Top of RECORDS SUPPLIED

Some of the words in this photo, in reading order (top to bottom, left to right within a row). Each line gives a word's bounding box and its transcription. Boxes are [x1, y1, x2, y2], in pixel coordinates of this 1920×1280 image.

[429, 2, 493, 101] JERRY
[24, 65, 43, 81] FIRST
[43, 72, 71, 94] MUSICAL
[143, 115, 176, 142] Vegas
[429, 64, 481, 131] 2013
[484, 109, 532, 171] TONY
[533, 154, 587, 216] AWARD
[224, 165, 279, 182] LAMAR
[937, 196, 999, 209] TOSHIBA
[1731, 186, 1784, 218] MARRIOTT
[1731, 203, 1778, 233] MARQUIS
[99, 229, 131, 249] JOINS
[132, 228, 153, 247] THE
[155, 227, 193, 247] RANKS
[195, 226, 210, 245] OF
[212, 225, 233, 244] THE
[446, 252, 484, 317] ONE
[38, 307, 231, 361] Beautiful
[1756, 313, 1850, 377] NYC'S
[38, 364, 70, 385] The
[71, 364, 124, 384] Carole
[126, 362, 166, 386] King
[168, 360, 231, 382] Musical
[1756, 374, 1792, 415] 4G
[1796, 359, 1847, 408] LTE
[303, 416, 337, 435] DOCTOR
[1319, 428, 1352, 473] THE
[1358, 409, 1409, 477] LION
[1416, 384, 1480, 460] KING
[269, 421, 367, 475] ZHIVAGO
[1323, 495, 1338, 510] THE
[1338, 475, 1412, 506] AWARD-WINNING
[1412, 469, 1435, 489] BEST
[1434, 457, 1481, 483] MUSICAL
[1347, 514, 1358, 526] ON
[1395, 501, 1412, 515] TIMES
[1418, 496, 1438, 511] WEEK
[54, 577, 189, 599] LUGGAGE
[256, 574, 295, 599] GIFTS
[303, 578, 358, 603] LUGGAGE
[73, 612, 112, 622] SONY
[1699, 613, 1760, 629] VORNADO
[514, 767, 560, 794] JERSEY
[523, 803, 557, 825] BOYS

Bottom of RECORDS SUPPLIED

**WHAT YOU ARE ASKED TO DO**
Would you please repeat all the entries exactly as written?

**ANSWER FOR THIS EXERCISE**
Some of the words in this photo, in reading order (top to bottom, left to right within a row). Each line gives a word's bounding box and its transcription. Boxes are [x1, y1, x2, y2], in pixel coordinates of this 1920×1280 image.

[429, 2, 493, 101] JERRY
[24, 65, 43, 81] FIRST
[43, 72, 71, 94] MUSICAL
[143, 115, 176, 142] Vegas
[429, 64, 481, 131] 2013
[484, 109, 532, 171] TONY
[533, 154, 587, 216] AWARD
[224, 165, 279, 182] LAMAR
[937, 196, 999, 209] TOSHIBA
[1731, 186, 1784, 218] MARRIOTT
[1731, 203, 1778, 233] MARQUIS
[99, 229, 131, 249] JOINS
[132, 228, 153, 247] THE
[155, 227, 193, 247] RANKS
[195, 226, 210, 245] OF
[212, 225, 233, 244] THE
[446, 252, 484, 317] ONE
[38, 307, 231, 361] Beautiful
[1756, 313, 1850, 377] NYC'S
[38, 364, 70, 385] The
[71, 364, 124, 384] Carole
[126, 362, 166, 386] King
[168, 360, 231, 382] Musical
[1756, 374, 1792, 415] 4G
[1796, 359, 1847, 408] LTE
[303, 416, 337, 435] DOCTOR
[1319, 428, 1352, 473] THE
[1358, 409, 1409, 477] LION
[1416, 384, 1480, 460] KING
[269, 421, 367, 475] ZHIVAGO
[1323, 495, 1338, 510] THE
[1338, 475, 1412, 506] AWARD-WINNING
[1412, 469, 1435, 489] BEST
[1434, 457, 1481, 483] MUSICAL
[1347, 514, 1358, 526] ON
[1395, 501, 1412, 515] TIMES
[1418, 496, 1438, 511] WEEK
[54, 577, 189, 599] LUGGAGE
[256, 574, 295, 599] GIFTS
[303, 578, 358, 603] LUGGAGE
[73, 612, 112, 622] SONY
[1699, 613, 1760, 629] VORNADO
[514, 767, 560, 794] JERSEY
[523, 803, 557, 825] BOYS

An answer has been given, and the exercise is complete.